The ethnic differences that existed between the Latino and African-American children studied here cannot be compared to other investigations, since racial and/or ethnic differences are even less well studied than are age and gender effects. However, data suggestive of possible underlying racial or ethnic differences have been reported. Ishitani et al. reported that in children receiving living related kidney transplants, race was significantly related to graft survival (10). There are several similar studies of racial differences in outcome of organ transplantation in children (19) and adults (16). Further, Tench and Isenberg (20) reported significant ethnic differences in anti-DNA in patients with systemic lupus erythematosus. Similarly, Irwin and Miller (9) reported significantly lower NK cell activity in a group of African-American alcoholic men compared to alcoholic men of different ethnicities. In our study and many others, it is important to note that the racial and ethnic groups are often self-identified and do not constitute racial groups demonstrated to be of specific genetic origin. However, these data do suggest that ethnic or racial differences must be considered whenever immune-related diseases or functions are investigated.
The possible selection bias in this study must be discussed. The subjects for this study were recruited from an inner city elementary school and from subject nomination. Results from studies with children from other urban or suburban settings or students with severe academic problems requiring special education facilities may differ from the present study's findings. However, the random selection of subjects, the physical assessment by physicians, the collection of psychobehavioral data and venipuncture on the same day, and the subsequent immediate processing of the blood for each of the multiple immune assays were important factors in ensuring the quality and accuracy of these normative data.

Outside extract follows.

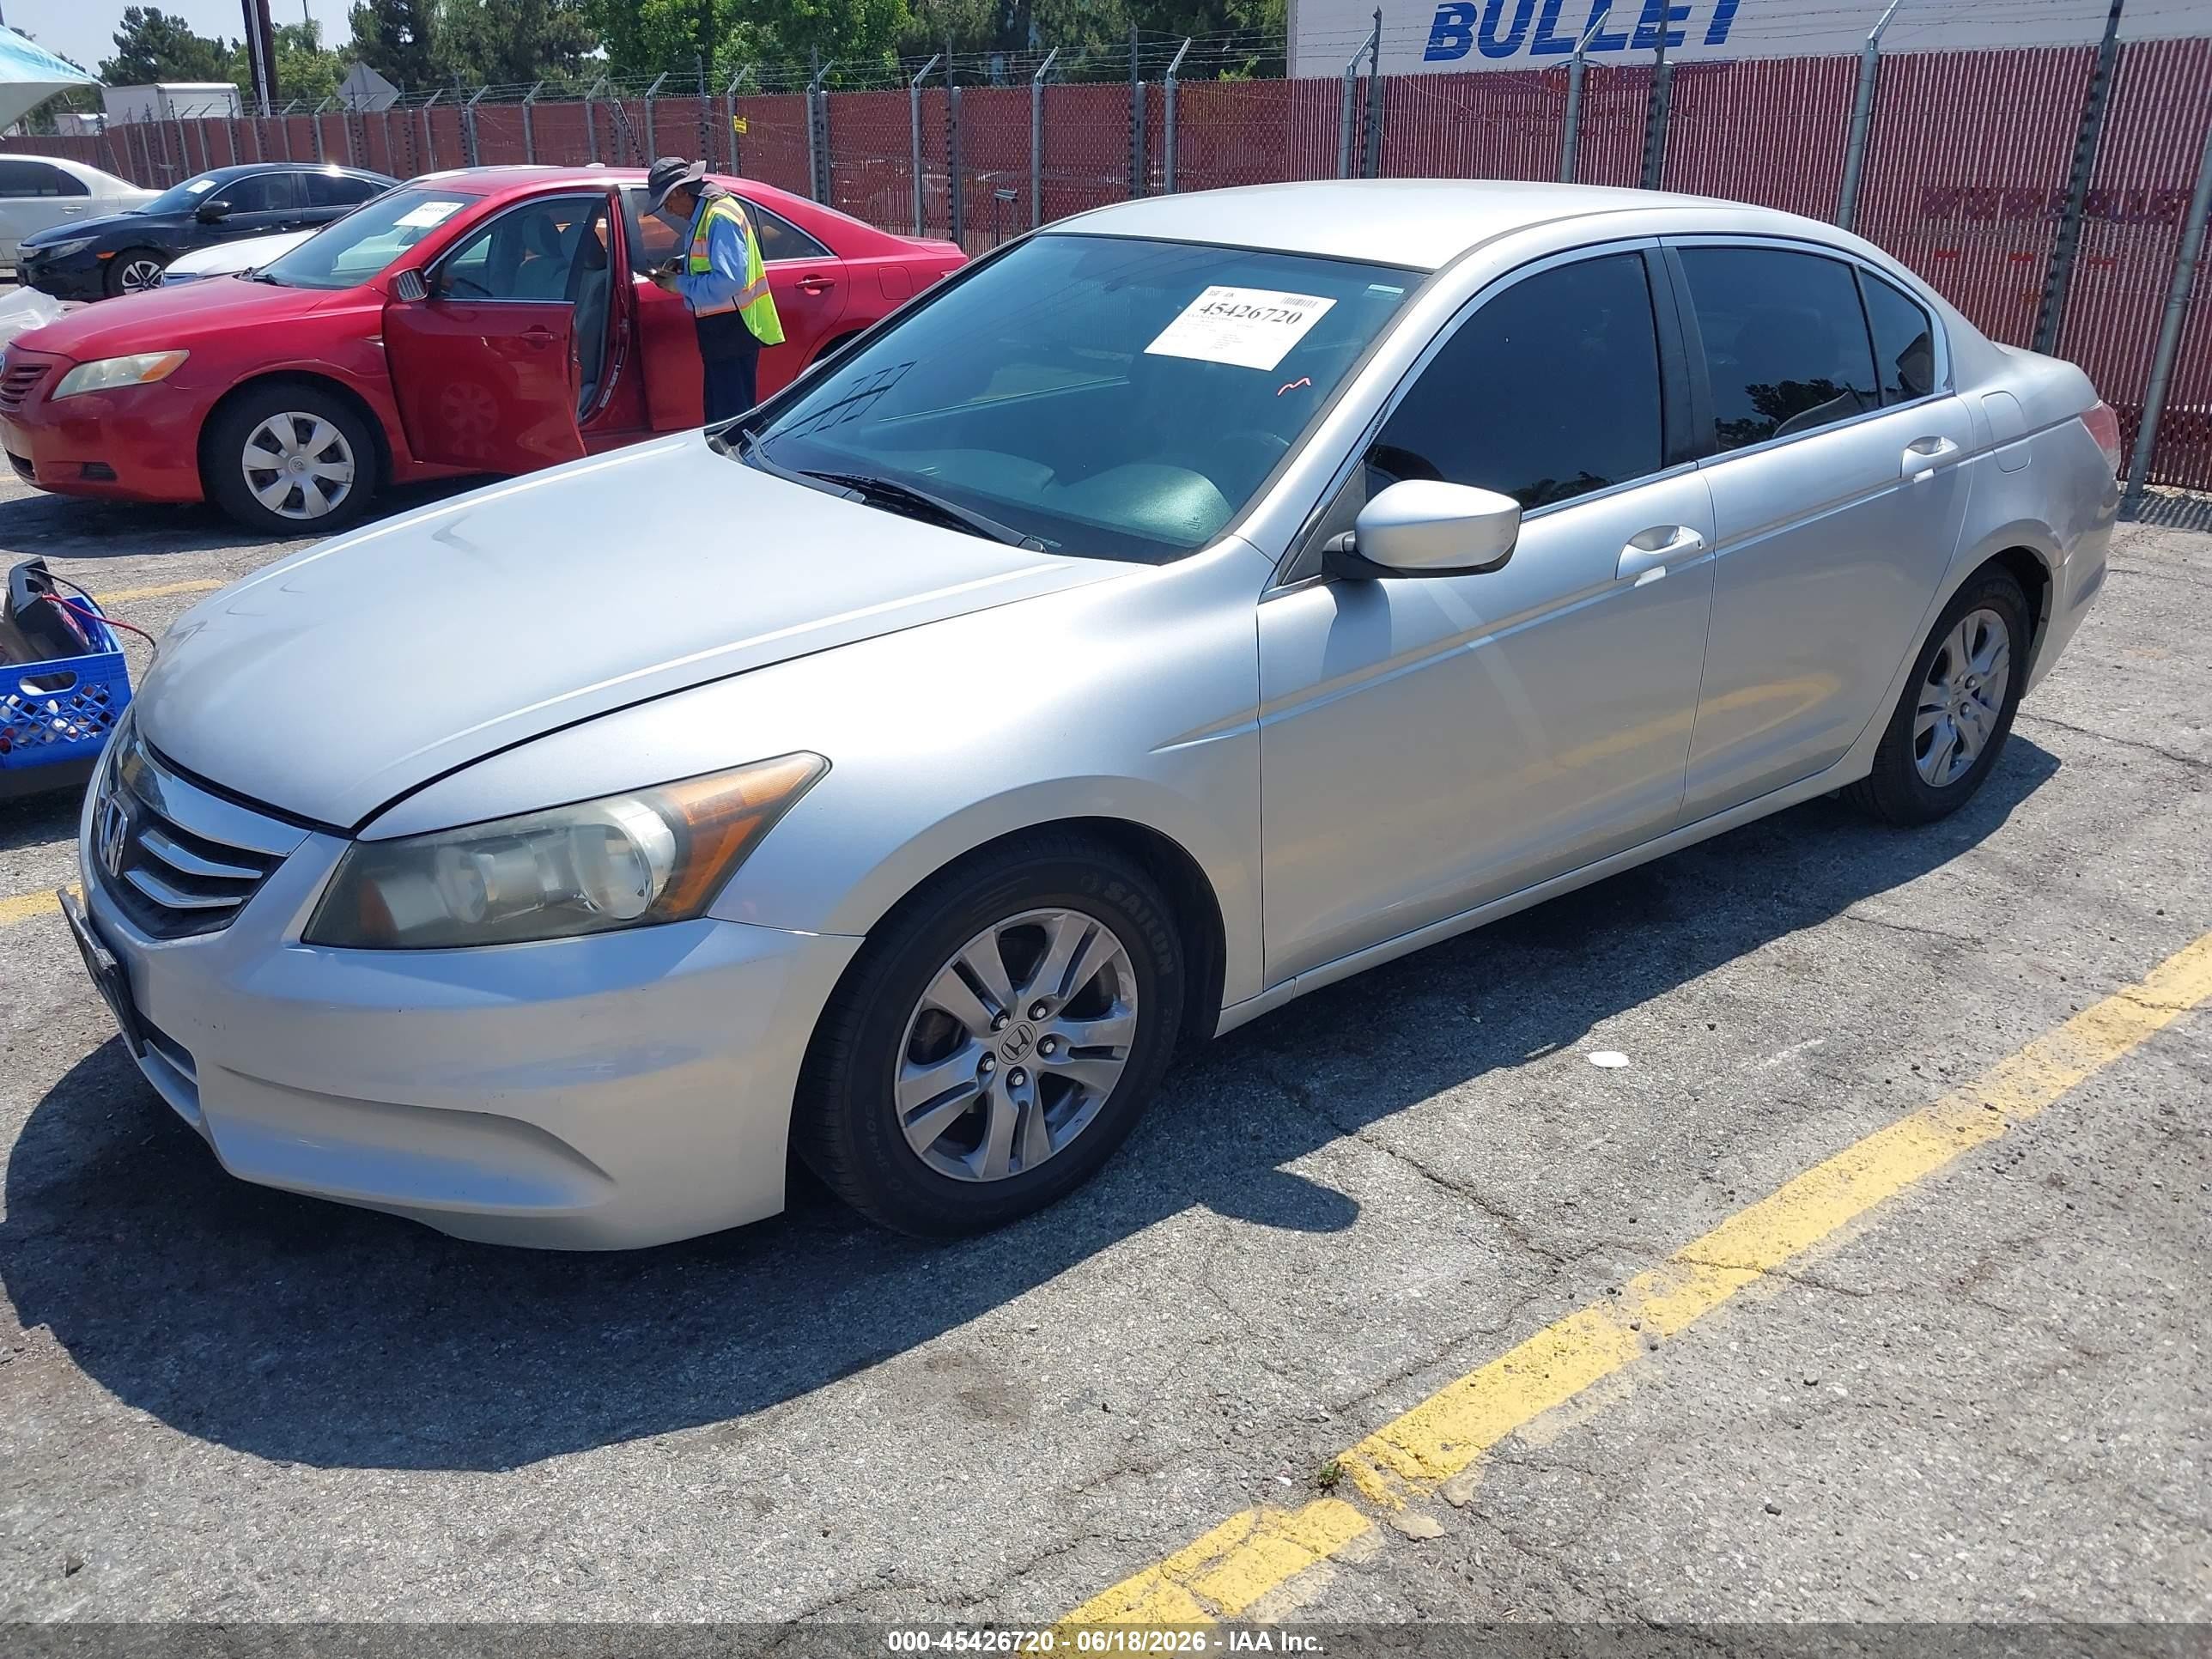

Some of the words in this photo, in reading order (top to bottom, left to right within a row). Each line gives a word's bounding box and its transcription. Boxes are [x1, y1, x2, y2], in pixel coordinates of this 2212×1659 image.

[1424, 0, 1739, 61] BULLET
[1200, 301, 1304, 325] 45426720
[1104, 881, 1175, 976] SAILUN

This investigation of the effects of age, gender, and ethnicity on a variety of immune measures demonstrates the need to have normative data for the many specific populations in existence. Although our subjects were randomly sampled, there existed significant differences with regard to ethnicity, age, and gender in immune functioning. How these effects may influence immune function in disease, in health, and in preventive measures undertaken in clinical settings requires much additional investigation.